#### DESCRIPTION OF THE TASK
From the line containing "this 1600×1067 image." to the last line of the records below, retype every line exactly and output nothing else.
━━━━━━━━━━━━━━━━━━━━
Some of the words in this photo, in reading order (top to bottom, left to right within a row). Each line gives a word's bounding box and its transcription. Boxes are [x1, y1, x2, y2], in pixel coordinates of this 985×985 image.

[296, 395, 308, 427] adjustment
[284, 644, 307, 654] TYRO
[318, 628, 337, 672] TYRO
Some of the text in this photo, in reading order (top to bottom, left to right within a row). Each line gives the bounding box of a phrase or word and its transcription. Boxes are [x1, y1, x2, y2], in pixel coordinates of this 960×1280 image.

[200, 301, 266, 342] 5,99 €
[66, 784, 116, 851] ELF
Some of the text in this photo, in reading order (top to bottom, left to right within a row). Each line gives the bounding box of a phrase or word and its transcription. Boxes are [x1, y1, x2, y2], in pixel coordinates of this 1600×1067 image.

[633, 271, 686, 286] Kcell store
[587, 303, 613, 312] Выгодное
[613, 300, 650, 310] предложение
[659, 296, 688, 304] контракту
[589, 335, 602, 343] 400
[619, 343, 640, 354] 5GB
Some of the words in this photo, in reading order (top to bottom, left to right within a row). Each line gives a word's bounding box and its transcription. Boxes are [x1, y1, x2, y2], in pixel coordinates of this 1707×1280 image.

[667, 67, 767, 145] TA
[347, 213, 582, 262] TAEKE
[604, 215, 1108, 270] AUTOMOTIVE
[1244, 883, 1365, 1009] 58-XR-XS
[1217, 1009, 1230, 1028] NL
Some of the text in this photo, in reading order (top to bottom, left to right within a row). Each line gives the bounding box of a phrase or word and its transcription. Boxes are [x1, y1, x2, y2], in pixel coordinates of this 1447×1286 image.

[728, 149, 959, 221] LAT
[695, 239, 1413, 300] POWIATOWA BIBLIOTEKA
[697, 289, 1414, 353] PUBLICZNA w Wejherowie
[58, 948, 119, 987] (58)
━━━━━━━━━━━━━━━━━━━━
#### EXERCISE RESPONSE
Some of the text in this photo, in reading order (top to bottom, left to right within a row). Each line gives the bounding box of a phrase or word and its transcription. Boxes are [x1, y1, x2, y2], in pixel coordinates of this 1600×1067 image.

[633, 271, 686, 286] Kcell store
[587, 303, 613, 312] Выгодное
[613, 300, 650, 310] предложение
[659, 296, 688, 304] контракту
[589, 335, 602, 343] 400
[619, 343, 640, 354] 5GB
Some of the words in this photo, in reading order (top to bottom, left to right within a row). Each line gives a word's bounding box and its transcription. Boxes are [x1, y1, x2, y2], in pixel coordinates of this 1707×1280 image.

[667, 67, 767, 145] TA
[347, 213, 582, 262] TAEKE
[604, 215, 1108, 270] AUTOMOTIVE
[1244, 883, 1365, 1009] 58-XR-XS
[1217, 1009, 1230, 1028] NL
Some of the text in this photo, in reading order (top to bottom, left to right within a row). Each line gives the bounding box of a phrase or word and its transcription. Boxes are [x1, y1, x2, y2], in pixel coordinates of this 1447×1286 image.

[728, 149, 959, 221] LAT
[695, 239, 1413, 300] POWIATOWA BIBLIOTEKA
[697, 289, 1414, 353] PUBLICZNA w Wejherowie
[58, 948, 119, 987] (58)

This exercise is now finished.